== Extracted information
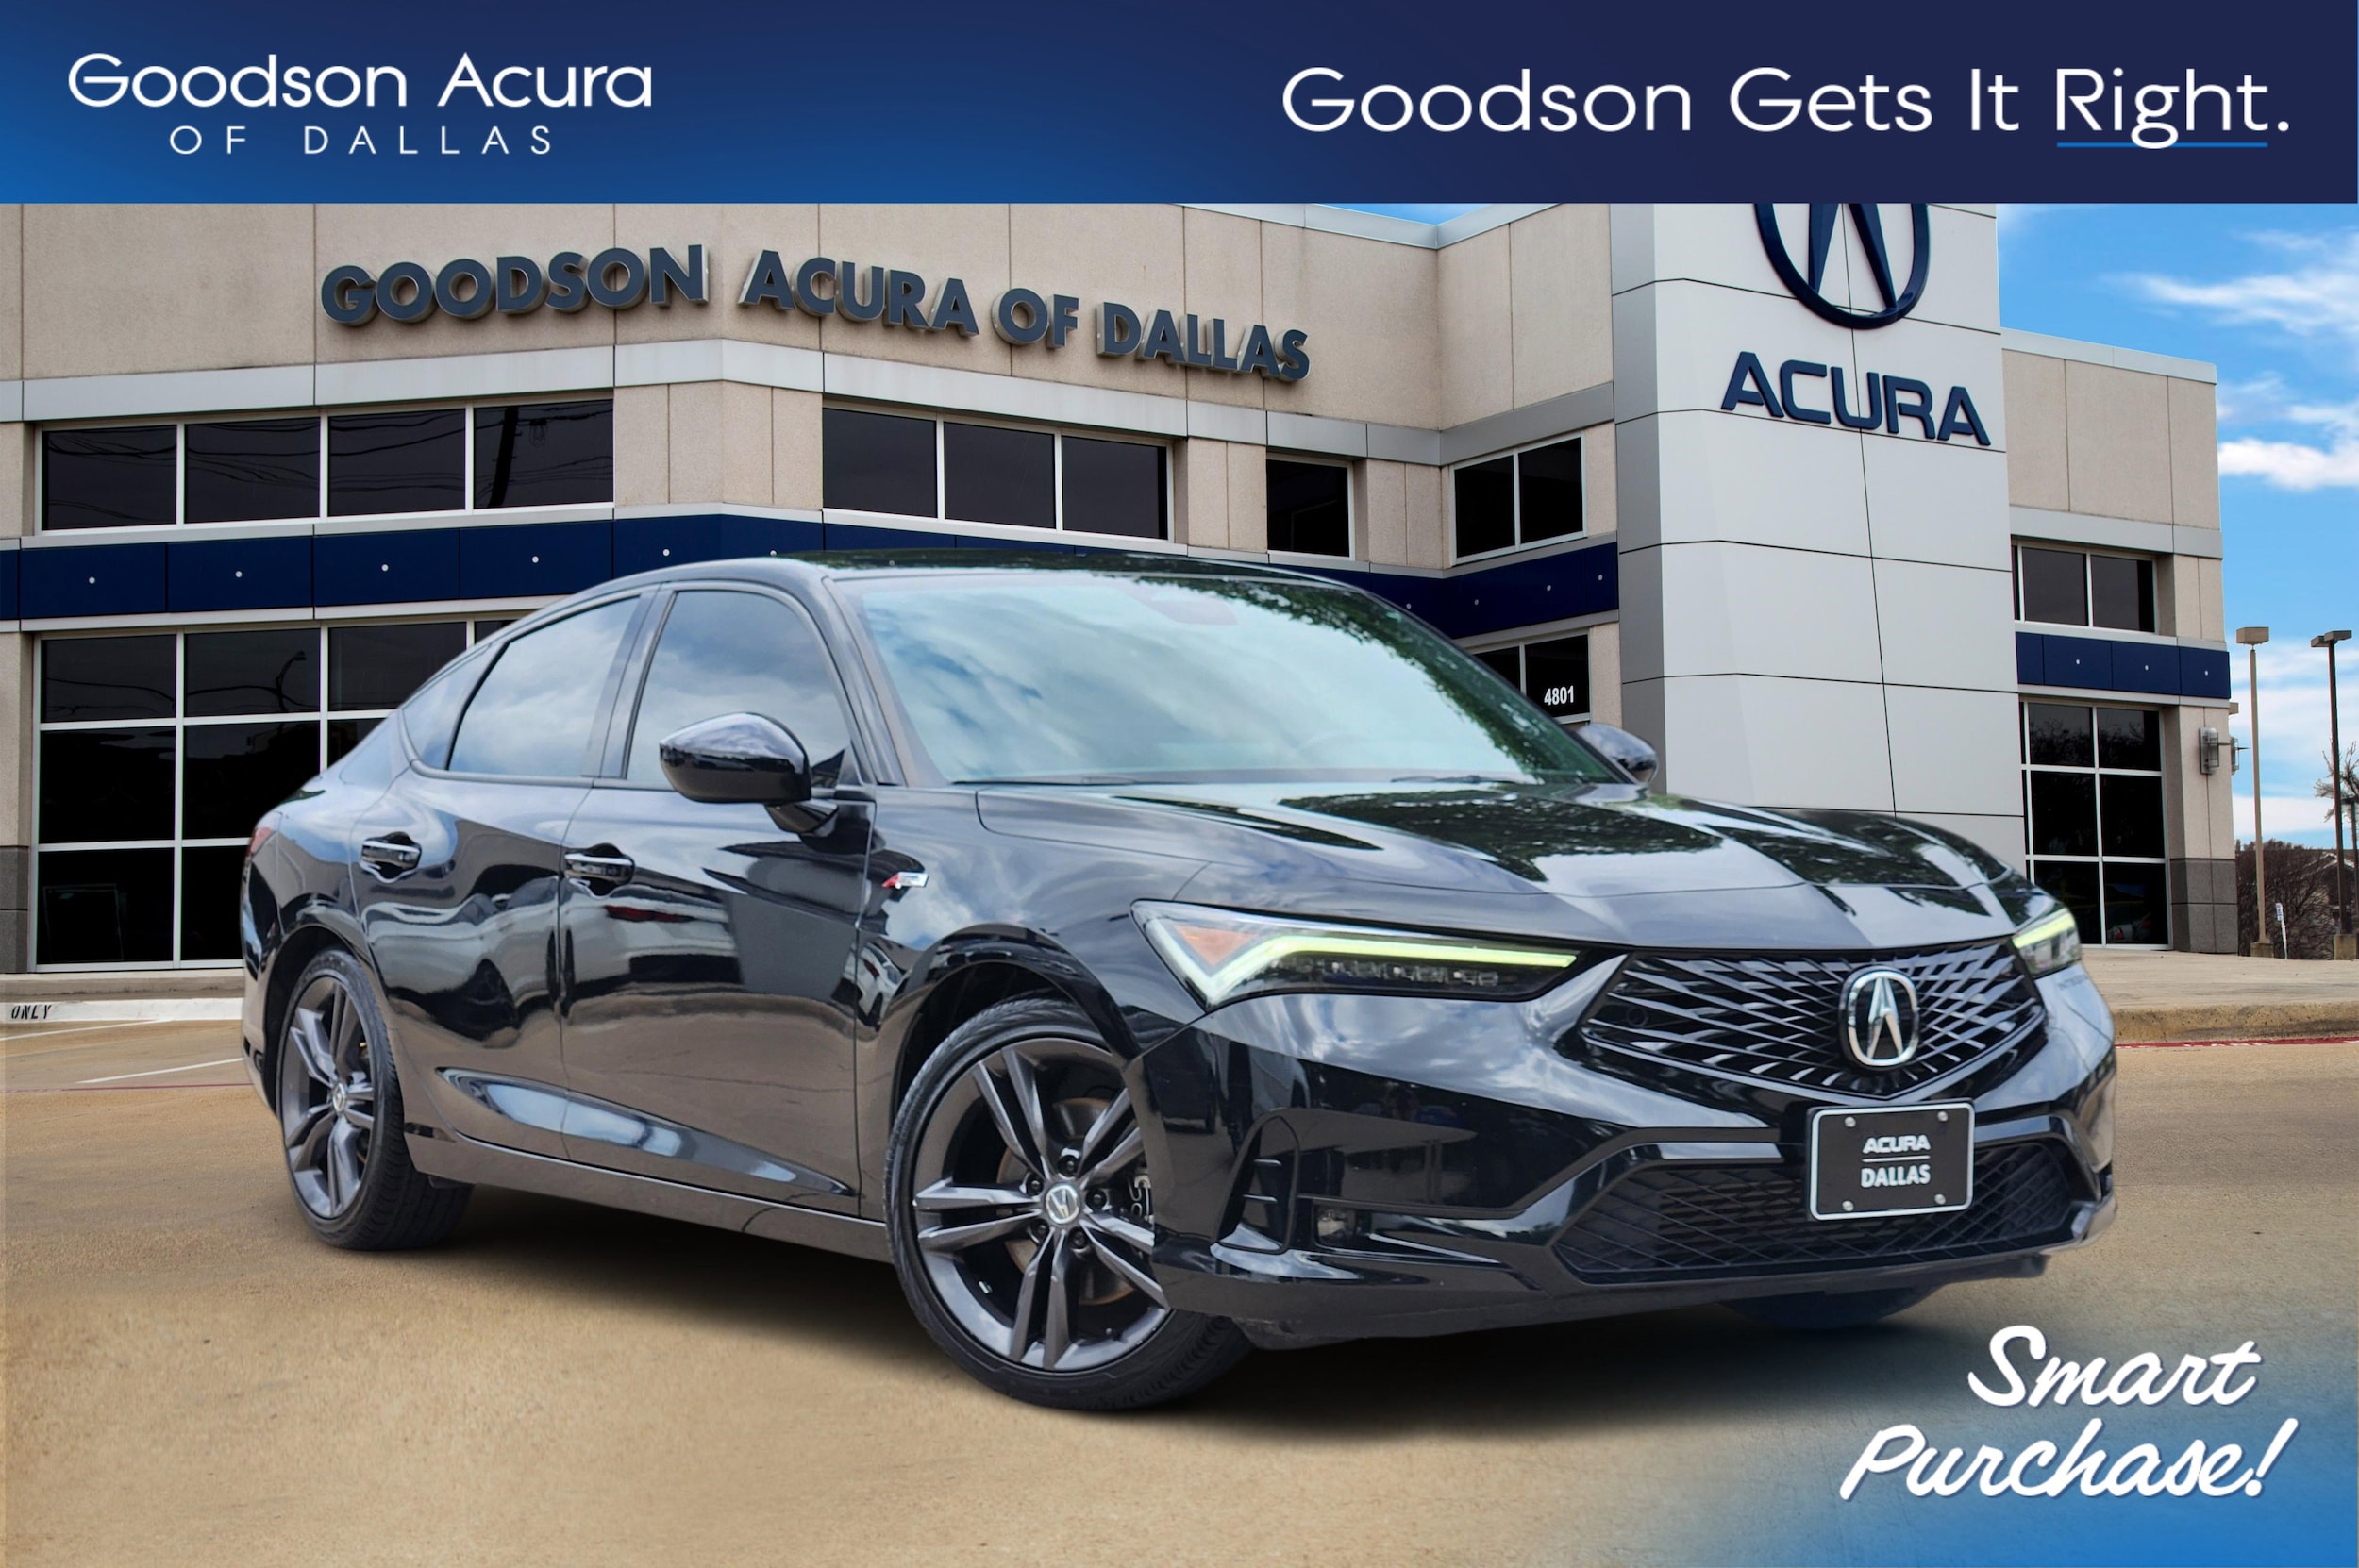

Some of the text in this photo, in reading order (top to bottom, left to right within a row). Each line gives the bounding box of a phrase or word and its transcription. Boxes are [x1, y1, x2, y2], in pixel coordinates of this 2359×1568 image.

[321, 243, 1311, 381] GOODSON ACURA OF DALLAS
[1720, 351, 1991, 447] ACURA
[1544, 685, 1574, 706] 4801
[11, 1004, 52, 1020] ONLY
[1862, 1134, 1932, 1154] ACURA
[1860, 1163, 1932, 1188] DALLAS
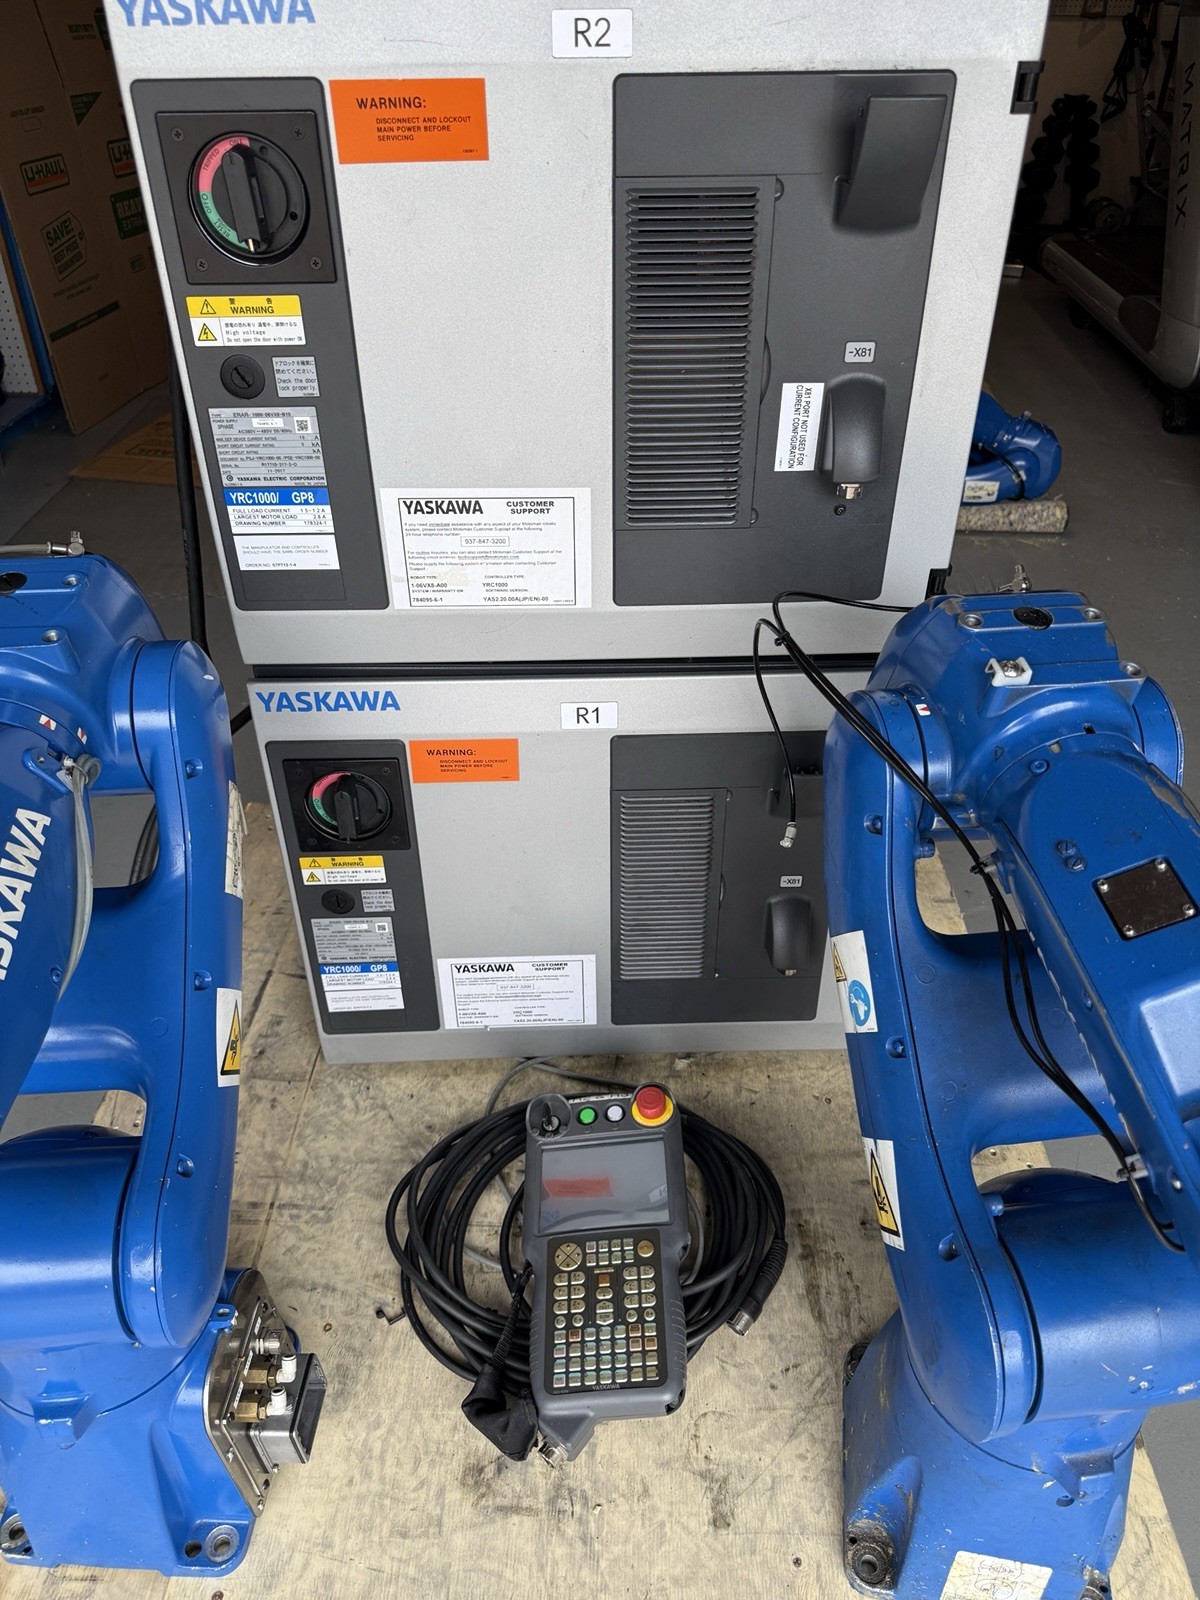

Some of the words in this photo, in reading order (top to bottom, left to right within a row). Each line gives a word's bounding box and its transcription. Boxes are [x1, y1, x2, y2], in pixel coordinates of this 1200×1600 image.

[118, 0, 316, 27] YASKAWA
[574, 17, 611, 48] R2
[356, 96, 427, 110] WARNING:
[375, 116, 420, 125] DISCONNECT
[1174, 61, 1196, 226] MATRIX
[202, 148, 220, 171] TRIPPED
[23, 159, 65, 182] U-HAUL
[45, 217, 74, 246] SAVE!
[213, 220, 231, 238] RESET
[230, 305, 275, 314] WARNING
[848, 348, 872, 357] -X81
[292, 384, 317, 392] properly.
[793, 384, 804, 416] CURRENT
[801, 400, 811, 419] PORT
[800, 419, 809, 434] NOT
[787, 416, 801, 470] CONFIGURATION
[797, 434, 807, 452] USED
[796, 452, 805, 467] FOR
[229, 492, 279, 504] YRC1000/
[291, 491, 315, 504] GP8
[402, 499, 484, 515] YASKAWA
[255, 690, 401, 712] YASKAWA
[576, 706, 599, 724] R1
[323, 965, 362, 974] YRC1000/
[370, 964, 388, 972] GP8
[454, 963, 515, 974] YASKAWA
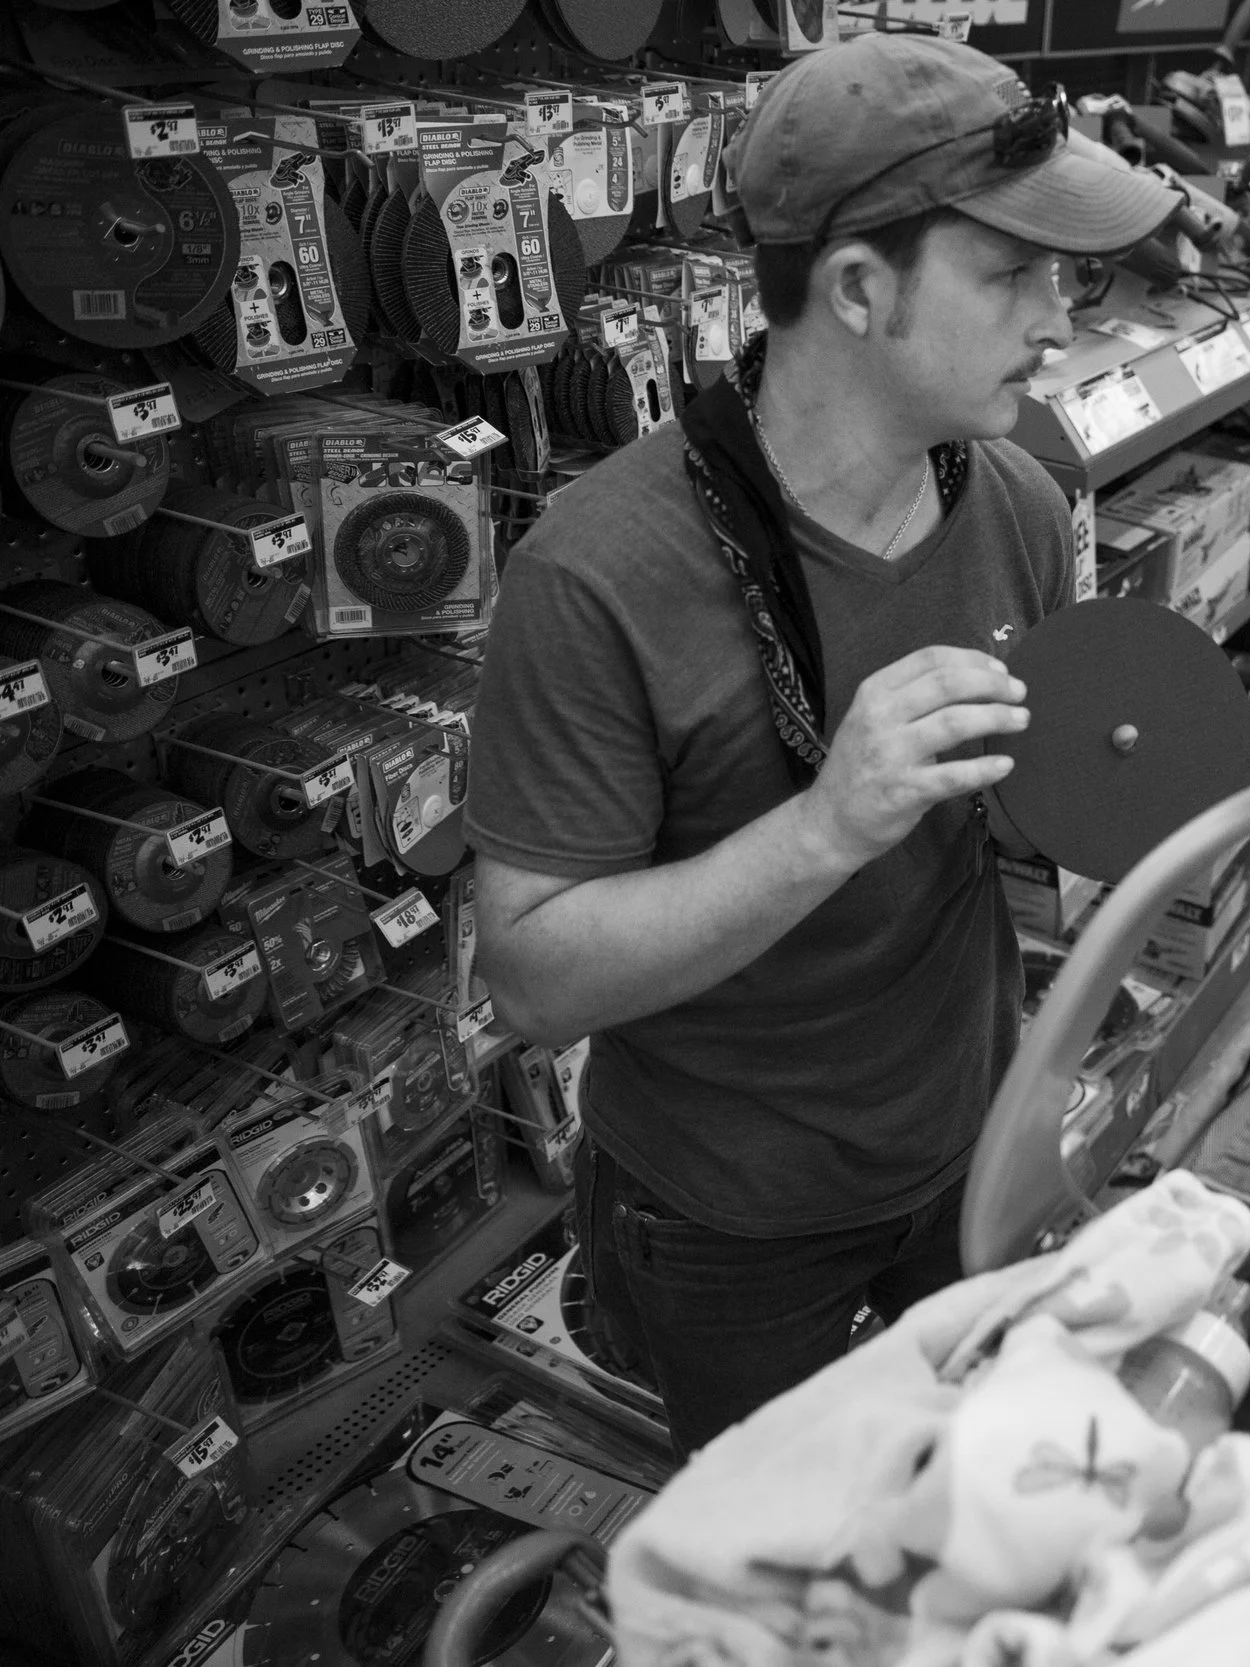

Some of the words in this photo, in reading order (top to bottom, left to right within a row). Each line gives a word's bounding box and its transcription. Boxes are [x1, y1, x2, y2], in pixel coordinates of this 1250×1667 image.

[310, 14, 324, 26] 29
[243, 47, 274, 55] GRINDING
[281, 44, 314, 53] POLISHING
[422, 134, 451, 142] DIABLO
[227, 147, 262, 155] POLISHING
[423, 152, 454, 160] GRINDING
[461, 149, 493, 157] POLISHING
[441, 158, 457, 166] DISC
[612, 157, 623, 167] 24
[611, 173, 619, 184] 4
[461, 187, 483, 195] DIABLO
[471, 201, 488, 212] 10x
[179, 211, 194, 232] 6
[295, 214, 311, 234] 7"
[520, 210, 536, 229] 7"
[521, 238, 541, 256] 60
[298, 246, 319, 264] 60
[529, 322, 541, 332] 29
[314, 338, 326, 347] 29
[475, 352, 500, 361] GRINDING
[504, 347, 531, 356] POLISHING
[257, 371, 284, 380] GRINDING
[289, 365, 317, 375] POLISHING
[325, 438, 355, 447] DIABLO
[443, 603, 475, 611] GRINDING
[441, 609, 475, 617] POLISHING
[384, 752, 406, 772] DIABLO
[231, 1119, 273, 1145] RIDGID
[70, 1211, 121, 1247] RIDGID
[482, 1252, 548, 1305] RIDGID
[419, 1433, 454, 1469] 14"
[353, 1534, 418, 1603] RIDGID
====
• **Work required**: Copy the listing above verbatim, leaving out pictures.

• **Written answer**:
Some of the text in this photo, in reading order (top to bottom, left to right within a row). Each line gives the bounding box of a phrase or word and its transcription. Boxes are [x1, y1, x2, y2], in pixel coordinates of this 2359×1568 image.

[321, 243, 1311, 381] GOODSON ACURA OF DALLAS
[1720, 351, 1991, 447] ACURA
[1544, 685, 1574, 706] 4801
[11, 1004, 52, 1020] ONLY
[1862, 1134, 1932, 1154] ACURA
[1860, 1163, 1932, 1188] DALLAS

Some of the words in this photo, in reading order (top to bottom, left to right within a row). Each line gives a word's bounding box and its transcription. Boxes are [x1, y1, x2, y2], in pixel coordinates of this 1200×1600 image.

[118, 0, 316, 27] YASKAWA
[574, 17, 611, 48] R2
[356, 96, 427, 110] WARNING:
[375, 116, 420, 125] DISCONNECT
[1174, 61, 1196, 226] MATRIX
[202, 148, 220, 171] TRIPPED
[23, 159, 65, 182] U-HAUL
[45, 217, 74, 246] SAVE!
[213, 220, 231, 238] RESET
[230, 305, 275, 314] WARNING
[848, 348, 872, 357] -X81
[292, 384, 317, 392] properly.
[793, 384, 804, 416] CURRENT
[801, 400, 811, 419] PORT
[800, 419, 809, 434] NOT
[787, 416, 801, 470] CONFIGURATION
[797, 434, 807, 452] USED
[796, 452, 805, 467] FOR
[229, 492, 279, 504] YRC1000/
[291, 491, 315, 504] GP8
[402, 499, 484, 515] YASKAWA
[255, 690, 401, 712] YASKAWA
[576, 706, 599, 724] R1
[323, 965, 362, 974] YRC1000/
[370, 964, 388, 972] GP8
[454, 963, 515, 974] YASKAWA

Some of the words in this photo, in reading order (top to bottom, left to right within a row). Each line gives a word's bounding box and its transcription. Boxes are [x1, y1, x2, y2], in pixel coordinates of this 1250×1667 image.

[310, 14, 324, 26] 29
[243, 47, 274, 55] GRINDING
[281, 44, 314, 53] POLISHING
[422, 134, 451, 142] DIABLO
[227, 147, 262, 155] POLISHING
[423, 152, 454, 160] GRINDING
[461, 149, 493, 157] POLISHING
[441, 158, 457, 166] DISC
[612, 157, 623, 167] 24
[611, 173, 619, 184] 4
[461, 187, 483, 195] DIABLO
[471, 201, 488, 212] 10x
[179, 211, 194, 232] 6
[295, 214, 311, 234] 7"
[520, 210, 536, 229] 7"
[521, 238, 541, 256] 60
[298, 246, 319, 264] 60
[529, 322, 541, 332] 29
[314, 338, 326, 347] 29
[475, 352, 500, 361] GRINDING
[504, 347, 531, 356] POLISHING
[257, 371, 284, 380] GRINDING
[289, 365, 317, 375] POLISHING
[325, 438, 355, 447] DIABLO
[443, 603, 475, 611] GRINDING
[441, 609, 475, 617] POLISHING
[384, 752, 406, 772] DIABLO
[231, 1119, 273, 1145] RIDGID
[70, 1211, 121, 1247] RIDGID
[482, 1252, 548, 1305] RIDGID
[419, 1433, 454, 1469] 14"
[353, 1534, 418, 1603] RIDGID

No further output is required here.